For most of my life, I only heard the word “hospitality” used in southern magazines at my grandmother’s house. I figured you needed to be able to fold napkins into swans in order to practice it. Every few years, I’d also hear it tossed out as a spiritual gift that I assumed you needed in order to join the greeting team at church. Suffice it to say, I didn’t understand its true meaning or importance until the last few years. What I’ve learned since then is that hospitality is a game-changer in our ability to love people well. I recently had an interesting correlation for it, and I wanted to share it today.

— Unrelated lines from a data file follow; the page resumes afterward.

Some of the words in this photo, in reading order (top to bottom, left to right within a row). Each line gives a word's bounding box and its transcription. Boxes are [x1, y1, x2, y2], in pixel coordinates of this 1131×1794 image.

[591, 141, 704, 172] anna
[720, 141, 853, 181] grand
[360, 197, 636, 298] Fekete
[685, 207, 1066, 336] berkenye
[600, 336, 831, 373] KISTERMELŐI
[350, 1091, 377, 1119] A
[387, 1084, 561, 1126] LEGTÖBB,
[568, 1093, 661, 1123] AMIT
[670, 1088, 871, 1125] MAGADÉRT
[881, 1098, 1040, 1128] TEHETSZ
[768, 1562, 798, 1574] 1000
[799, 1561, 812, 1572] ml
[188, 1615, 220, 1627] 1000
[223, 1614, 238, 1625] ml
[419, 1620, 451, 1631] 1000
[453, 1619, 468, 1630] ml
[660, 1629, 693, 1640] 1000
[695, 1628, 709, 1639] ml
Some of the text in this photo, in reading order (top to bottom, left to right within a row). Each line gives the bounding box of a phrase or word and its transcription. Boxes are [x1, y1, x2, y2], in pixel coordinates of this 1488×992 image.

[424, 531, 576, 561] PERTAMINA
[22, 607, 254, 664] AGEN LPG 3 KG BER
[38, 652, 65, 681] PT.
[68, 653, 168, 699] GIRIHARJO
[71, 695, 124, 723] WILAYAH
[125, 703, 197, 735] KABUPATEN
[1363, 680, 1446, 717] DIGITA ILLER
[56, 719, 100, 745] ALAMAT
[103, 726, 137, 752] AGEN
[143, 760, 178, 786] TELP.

My husband and I throw a lot of parties these days. Birthday parties, bridal showers, girls nights, and young adult events for our church mean that people are constantly in and out of our condo. Sometimes, we can barely even fit them all. Those times are my favorite! Due to the constant soirees happening, I bake a lot of layer cakes for different reasons, and especially love decorating fun little “naked cakes.” There’s only one problem. I can’t eat them.

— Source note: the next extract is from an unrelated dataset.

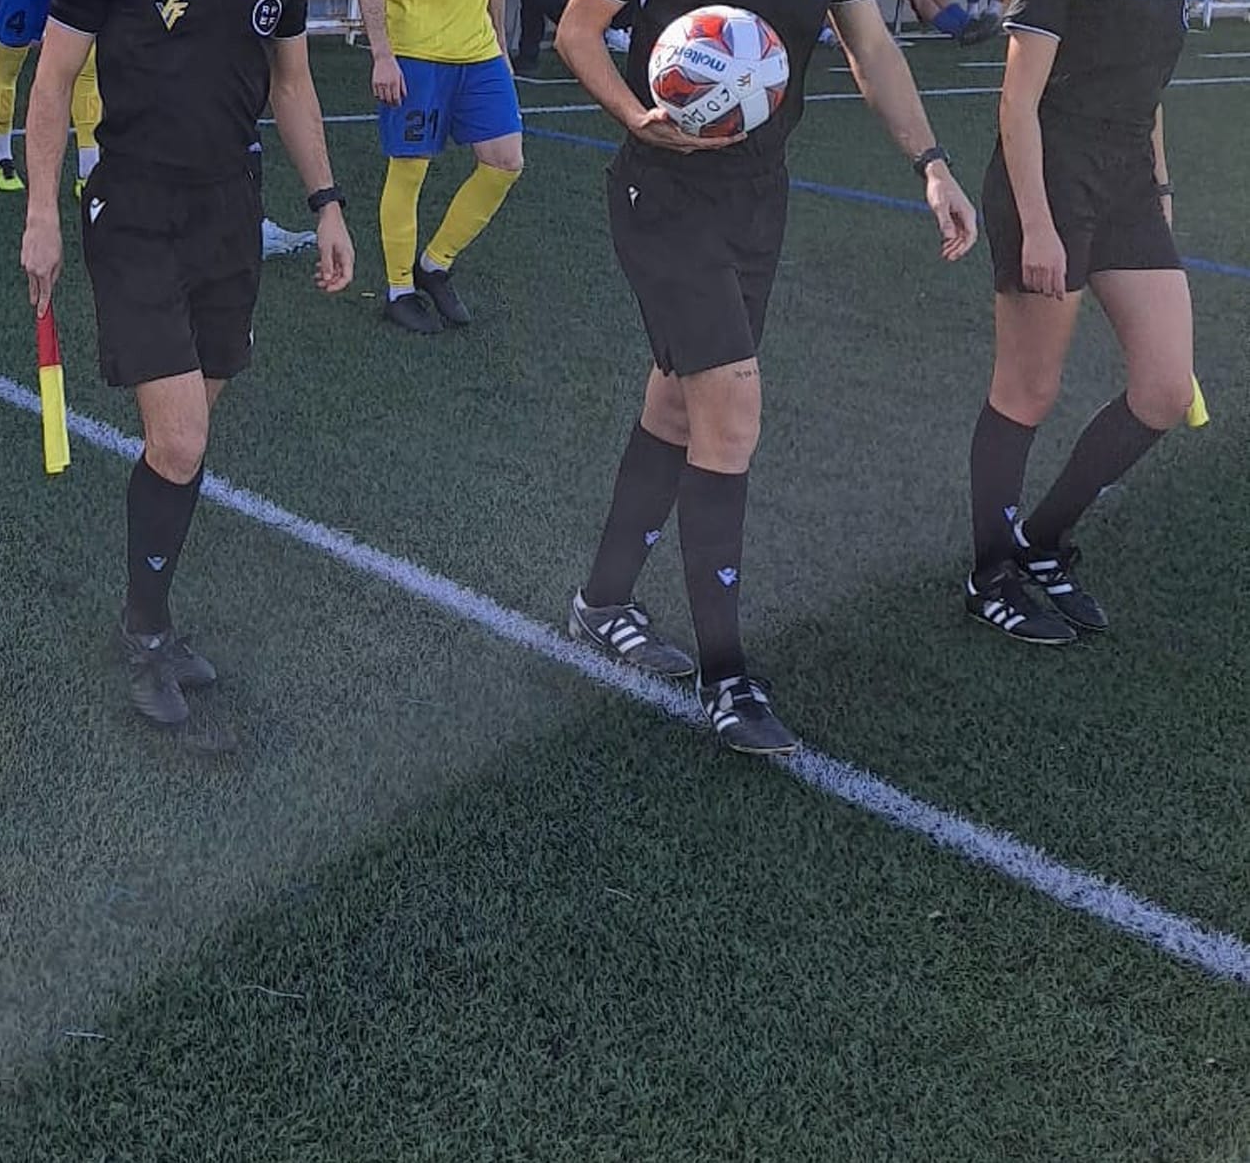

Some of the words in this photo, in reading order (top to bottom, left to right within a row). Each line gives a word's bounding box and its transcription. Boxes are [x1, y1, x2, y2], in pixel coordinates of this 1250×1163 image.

[5, 9, 26, 38] 4
[678, 45, 727, 73] molten
[404, 108, 440, 142] 21

Here’s the thing: I have a gluten allergy. It was medically diagnosed after several years of being sick, so it’s not one of those “I am on a trendy diet and don’t eat bread for the next 2 months” things. For a while after I found out, I tried to switch to gluten free cakes. They were, quite frankly, terrible. It was like eating bites of stale crackers and forgotten dreams. Maybe that’s an exaggeration, but not much! I tried a million gluten-free flours and recipes, but nothing had the right consistency for the cakes I used to make.

I realized that I had to pick between making something beautiful and delicious, and making something that worked for me. It bothered me more than I would have guessed. I wanted to feel like part of the fun! I wanted to have my cake and eat it too! Obviously, it is such a tiny problem to not be able to celebrate with cake, and I certainly got over it. However, the twinge of remorse as I baked something I couldn’t have was eye-opening. I realized that if I made a cake that was about me, it wouldn’t be the best thing I could bring to the table. That got me thinking.

Hospitality isn’t just inviting someone into our comfort zone. It’s not about making a cake and sharing a piece. It’s creating a space that loves them well, sometimes at our own expense. Yes, it’s making them welcome, but that’s not all. It’s my belief that if you never feel uncomfortable practicing hospitality, then you may not be welcoming those that really need it. Because, you see, the people that need your hospitality are usually not exactly like you. The people who need hospitality the most are the confused, the angry, the outsiders. The ones who may smell bad or never say thank you, and who certainly might not bring something to the potluck. They’re the ones who are waiting to see if your hospitality depends on their behavior. The world says that their welcome is based on their ability to earn it. God’s heart says that they are welcome forever, freely. He says that we should throw the prodigal sons parties before they reform their behavior. He says that there is enough room at the table for everyone, even the tax collectors and the prostitutes.

We had someone without a home sleep on our couch last month. He thought our brand new, high thread count sheets that we laid out for him were a gift, and he smiled. “I will get a bed one day, and I’ll use these.” Our simple sheets gave him hope. When we woke up, he had taken them with him, and we smiled, because it cost us just a little something to have him stay that night.



  1. What are some ways that you show hospitality?
  2. What’s one way you can love past your comfort zone this week?